[[ Dataset, beginning ]]

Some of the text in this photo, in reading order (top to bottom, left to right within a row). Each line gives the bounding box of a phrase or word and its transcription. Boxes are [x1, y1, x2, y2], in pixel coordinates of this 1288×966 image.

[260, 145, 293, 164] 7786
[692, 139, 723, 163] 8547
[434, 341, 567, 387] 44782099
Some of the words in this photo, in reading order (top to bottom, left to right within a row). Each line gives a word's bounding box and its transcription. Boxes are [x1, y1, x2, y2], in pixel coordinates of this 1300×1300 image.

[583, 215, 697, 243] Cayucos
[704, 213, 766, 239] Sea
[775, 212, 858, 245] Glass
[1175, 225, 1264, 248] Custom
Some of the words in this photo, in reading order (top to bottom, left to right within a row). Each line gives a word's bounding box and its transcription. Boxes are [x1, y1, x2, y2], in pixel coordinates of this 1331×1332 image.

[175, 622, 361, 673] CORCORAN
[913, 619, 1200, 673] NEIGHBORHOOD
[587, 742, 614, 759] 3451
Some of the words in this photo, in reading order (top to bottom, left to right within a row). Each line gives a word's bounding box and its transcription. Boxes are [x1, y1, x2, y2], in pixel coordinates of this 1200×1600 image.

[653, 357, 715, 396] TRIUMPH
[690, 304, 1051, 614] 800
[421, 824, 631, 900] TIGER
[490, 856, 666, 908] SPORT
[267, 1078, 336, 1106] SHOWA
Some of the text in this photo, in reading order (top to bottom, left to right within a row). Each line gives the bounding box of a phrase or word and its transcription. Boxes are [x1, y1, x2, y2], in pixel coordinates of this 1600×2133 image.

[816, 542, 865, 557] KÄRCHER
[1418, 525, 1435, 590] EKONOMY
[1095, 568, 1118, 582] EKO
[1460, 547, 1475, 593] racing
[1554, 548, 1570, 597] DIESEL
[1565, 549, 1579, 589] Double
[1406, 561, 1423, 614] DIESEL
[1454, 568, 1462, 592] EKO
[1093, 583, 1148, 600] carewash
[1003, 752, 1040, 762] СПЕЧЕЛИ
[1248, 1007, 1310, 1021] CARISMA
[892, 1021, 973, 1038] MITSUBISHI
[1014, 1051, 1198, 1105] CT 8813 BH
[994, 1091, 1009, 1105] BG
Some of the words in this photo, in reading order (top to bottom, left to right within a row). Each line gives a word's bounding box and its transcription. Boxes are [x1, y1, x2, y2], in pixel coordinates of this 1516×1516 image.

[[ Dataset, end ]]

◆ Work instruction:
Leaving no line out, return the data above verbatim.

◆ Response to the task:
Some of the text in this photo, in reading order (top to bottom, left to right within a row). Each line gives the bounding box of a phrase or word and its transcription. Boxes are [x1, y1, x2, y2], in pixel coordinates of this 1288×966 image.

[260, 145, 293, 164] 7786
[692, 139, 723, 163] 8547
[434, 341, 567, 387] 44782099
Some of the words in this photo, in reading order (top to bottom, left to right within a row). Each line gives a word's bounding box and its transcription. Boxes are [x1, y1, x2, y2], in pixel coordinates of this 1300×1300 image.

[583, 215, 697, 243] Cayucos
[704, 213, 766, 239] Sea
[775, 212, 858, 245] Glass
[1175, 225, 1264, 248] Custom
Some of the words in this photo, in reading order (top to bottom, left to right within a row). Each line gives a word's bounding box and its transcription. Boxes are [x1, y1, x2, y2], in pixel coordinates of this 1331×1332 image.

[175, 622, 361, 673] CORCORAN
[913, 619, 1200, 673] NEIGHBORHOOD
[587, 742, 614, 759] 3451
Some of the words in this photo, in reading order (top to bottom, left to right within a row). Each line gives a word's bounding box and its transcription. Boxes are [x1, y1, x2, y2], in pixel coordinates of this 1200×1600 image.

[653, 357, 715, 396] TRIUMPH
[690, 304, 1051, 614] 800
[421, 824, 631, 900] TIGER
[490, 856, 666, 908] SPORT
[267, 1078, 336, 1106] SHOWA
Some of the text in this photo, in reading order (top to bottom, left to right within a row). Each line gives the bounding box of a phrase or word and its transcription. Boxes are [x1, y1, x2, y2], in pixel coordinates of this 1600×2133 image.

[816, 542, 865, 557] KÄRCHER
[1418, 525, 1435, 590] EKONOMY
[1095, 568, 1118, 582] EKO
[1460, 547, 1475, 593] racing
[1554, 548, 1570, 597] DIESEL
[1565, 549, 1579, 589] Double
[1406, 561, 1423, 614] DIESEL
[1454, 568, 1462, 592] EKO
[1093, 583, 1148, 600] carewash
[1003, 752, 1040, 762] СПЕЧЕЛИ
[1248, 1007, 1310, 1021] CARISMA
[892, 1021, 973, 1038] MITSUBISHI
[1014, 1051, 1198, 1105] CT 8813 BH
[994, 1091, 1009, 1105] BG
Some of the words in this photo, in reading order (top to bottom, left to right within a row). Each line gives a word's bounding box and its transcription. Boxes are [x1, y1, x2, y2], in pixel coordinates of this 1516×1516 image.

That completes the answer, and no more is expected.